Una ciudad a la medida del hombre, 30 días al año

En el mes de agosto, los madrileños compran dieciséis millones de billetes de metro, muy pocos si se los compara con los casi 38 millones de enero, mes en que deciden reducir gastos después de una larga reflexión sobre la realidad y el deseo. Según la más inquietante revelación estadística, de cada mil de ellos, tres intentan viajar gratis por dos procedimientos ilegales distintos: o bien falsifican los billetes, o bien pasan clandestinamente por los embudos. Los polizones maduros utilizan la habilidad, y los jóvenes, la velocidad.A despecho de los planes de renovación de convoyes y ampliación de líneas, los esquemas de convivencia permanecen inalterables. El viajero del metro renuncia a los paisajes en beneficio de la rapidez. Acepta los empujones y las apreturas porque sabe que los trenes subterráneos han sido estrictamente pensados para irse a otra parte. Casi todos los personajes son impersonales. Basta comprar un billete para convertirse en la letra pequeña de las grandes listas de la ciudad, en el madrileño medio. A primera hora, las oleadas de madrileños-módulo se distribuyen diariamente en los polígonos industriales: salen del subsuelo como topos frente a la puerta de sus fábricas, en el polígono Central, de Méndez Alvaro; en el polígono Sur, de Villaverde, o en el polígono de Barajas, en la zona Este. O se distribuyen a lo largo de Bravo Murillo, en los pequeños comercios del apretado barrio de Cuatro Caminos, o en los comercios medianos y grandes de los ejes Alcalá-Goya. Los oficinistas también dependen de él. Si el metro se detiene, Madrid se tambalea.

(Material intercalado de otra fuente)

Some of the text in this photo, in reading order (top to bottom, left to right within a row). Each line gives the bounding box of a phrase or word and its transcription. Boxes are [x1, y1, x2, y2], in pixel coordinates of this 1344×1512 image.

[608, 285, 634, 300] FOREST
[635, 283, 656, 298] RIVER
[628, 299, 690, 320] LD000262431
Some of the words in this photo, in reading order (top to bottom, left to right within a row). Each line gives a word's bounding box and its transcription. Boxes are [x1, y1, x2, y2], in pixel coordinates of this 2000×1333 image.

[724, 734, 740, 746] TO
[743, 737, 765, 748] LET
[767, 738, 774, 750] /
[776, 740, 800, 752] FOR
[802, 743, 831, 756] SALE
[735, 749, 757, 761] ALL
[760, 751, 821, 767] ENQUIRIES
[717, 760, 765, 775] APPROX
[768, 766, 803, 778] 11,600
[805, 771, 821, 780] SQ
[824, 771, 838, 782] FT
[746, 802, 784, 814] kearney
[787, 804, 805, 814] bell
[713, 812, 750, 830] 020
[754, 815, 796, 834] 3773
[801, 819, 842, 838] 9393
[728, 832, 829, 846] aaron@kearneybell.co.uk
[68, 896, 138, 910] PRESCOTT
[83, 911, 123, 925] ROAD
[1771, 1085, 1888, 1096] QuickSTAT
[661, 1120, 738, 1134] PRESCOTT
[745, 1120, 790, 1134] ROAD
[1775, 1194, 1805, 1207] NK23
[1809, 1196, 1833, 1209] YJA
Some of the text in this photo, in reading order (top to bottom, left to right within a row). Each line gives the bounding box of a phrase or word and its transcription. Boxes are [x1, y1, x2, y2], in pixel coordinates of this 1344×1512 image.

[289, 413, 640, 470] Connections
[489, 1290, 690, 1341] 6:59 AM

La actitud más común entre los viajeros es la indiferencia, por eso todo comportamiento distinto es, necesariamente, desmesurado. Cierto boxeador del peso superwelter que se hospedaba en la calle de Cipriano Sancho, II, llevaba hasta sus últimas consecuencias un comportamiento distinto. Compraba una lata de sardinas de las de dos kilos. Llegaba al vagón, seleccionaba a un hombre distraído, preferiblemente a un lector de La Hoja del Lunes, y se le acercaba con disimulo, siguiendo la barra-pasamanos. Una vez a su lado, elevaba la lata con naturalidad, apuntaba con cuidado al pie más próximo y la dejaba caer de canto. Casi nunca fallaba. El procedimiento tenía una ventaja adicional: el conflicto era imposible, porque mientras el viajero se recuperaba dando saltos de puntillas sobre el pie sano, el superwelter se desentendía de él para recuperar la lata, que rodaba por el vagón.

Todos los otros comportamientos distintos eran y son, salvo excepciones, menos nobles. Desde hace varios meses, los carteristas han vuelto, atraídos por el olor eléctrico de las estaciones. La policía notificó recientemente que en una sola redada habían sido detenidos ocho en el nudo ferroviario de Atocha. Los exhibicionistas, en cambio, parecen estar en decadencia y se retiran, con sus amplios monos trucados, a los pinares que rodean el nuevo Instituto Anatómico Forense, la facultad de Ciencias Biológicas y el pabellón de Filosofía y Letras, llamado popularmente "Galerías Preciados". Los otros madrileños, los madrileños anónimos, se limitan a hacer posibles fabulosas cifras de recaudación: en agosto de 1980, compraron 16.500.000 billetes, frente a los casi 38 millones de enero, lo que confirma una vez más que Madrid se encoge en verano.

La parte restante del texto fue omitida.